Give back the data below word for word. Any image in it should be left out.

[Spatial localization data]
───

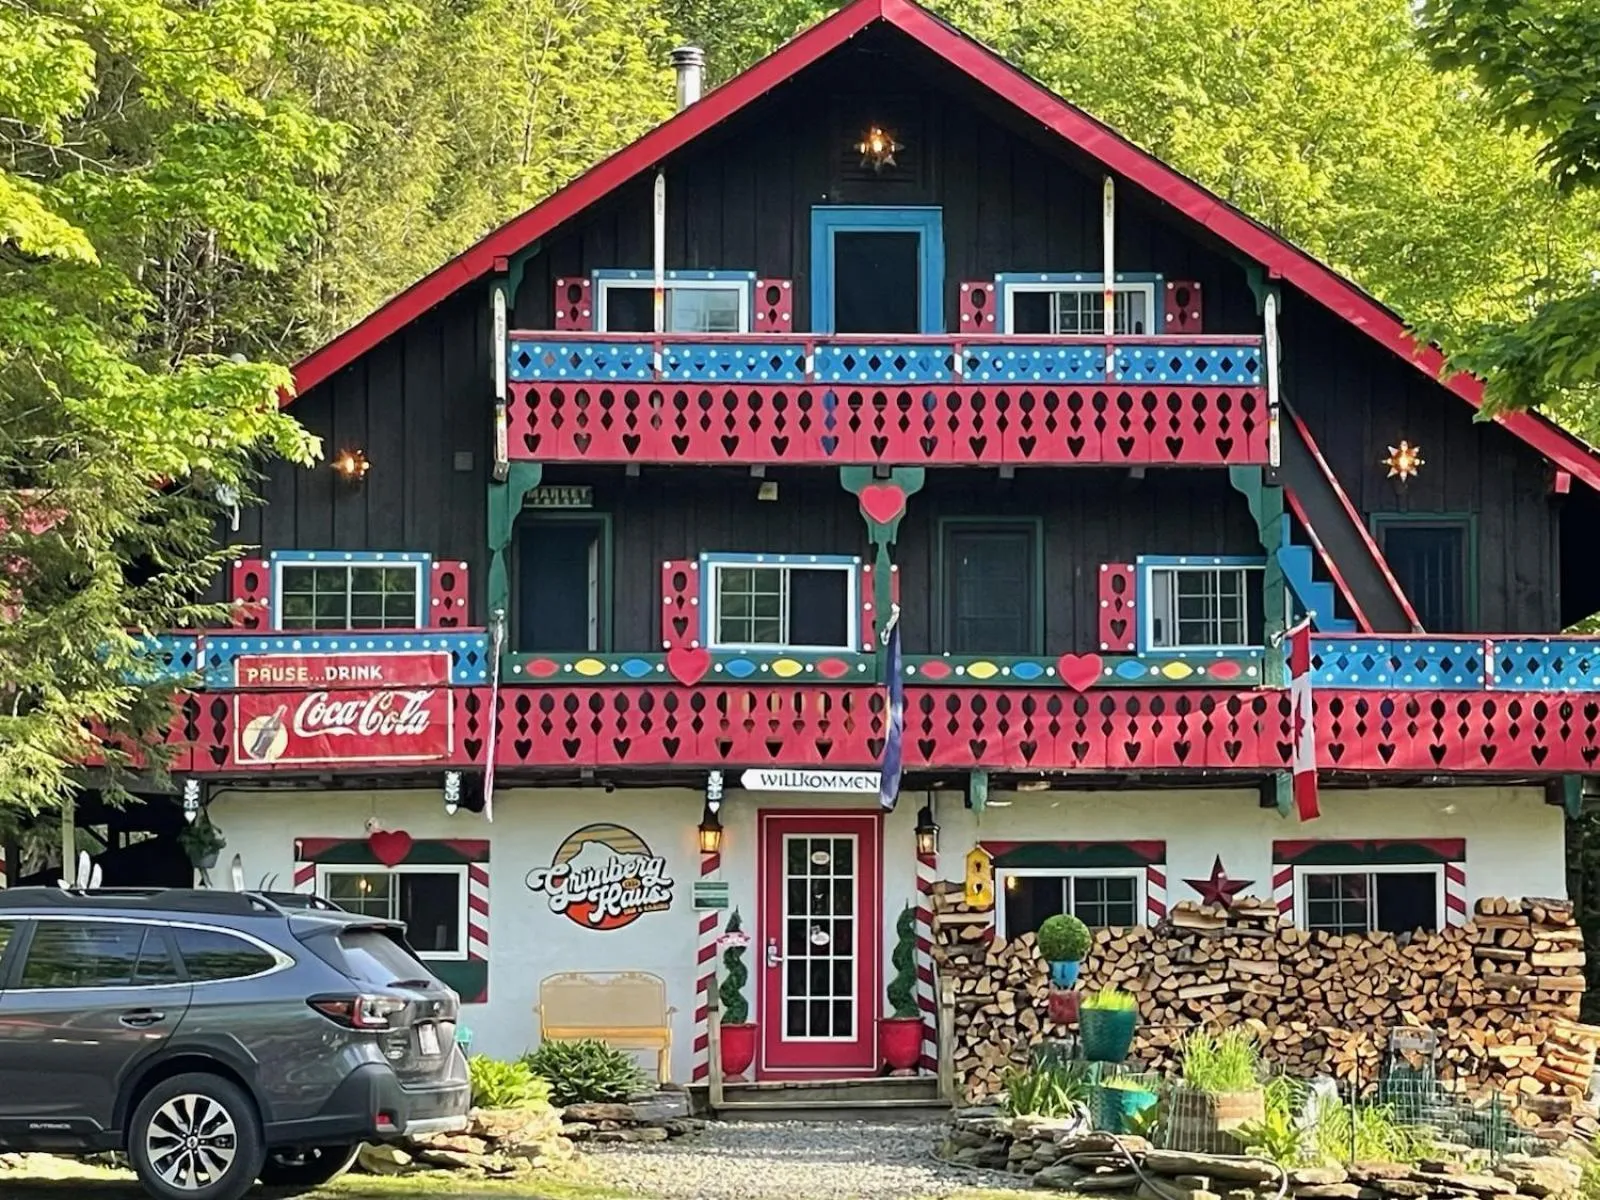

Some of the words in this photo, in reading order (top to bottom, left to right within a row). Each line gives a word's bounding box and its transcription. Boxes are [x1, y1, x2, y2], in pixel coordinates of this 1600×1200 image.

[294, 689, 434, 737] Coca-Cola
[760, 772, 878, 789] WILLKOMMEN
[525, 855, 674, 913] Grünberg
[587, 883, 673, 923] Haus

───

# ANSWER SECTION
Some of the words in this photo, in reading order (top to bottom, left to right within a row). Each line gives a word's bounding box and its transcription. Boxes are [x1, y1, x2, y2], in pixel coordinates of this 1600×1200 image.

[294, 689, 434, 737] Coca-Cola
[760, 772, 878, 789] WILLKOMMEN
[525, 855, 674, 913] Grünberg
[587, 883, 673, 923] Haus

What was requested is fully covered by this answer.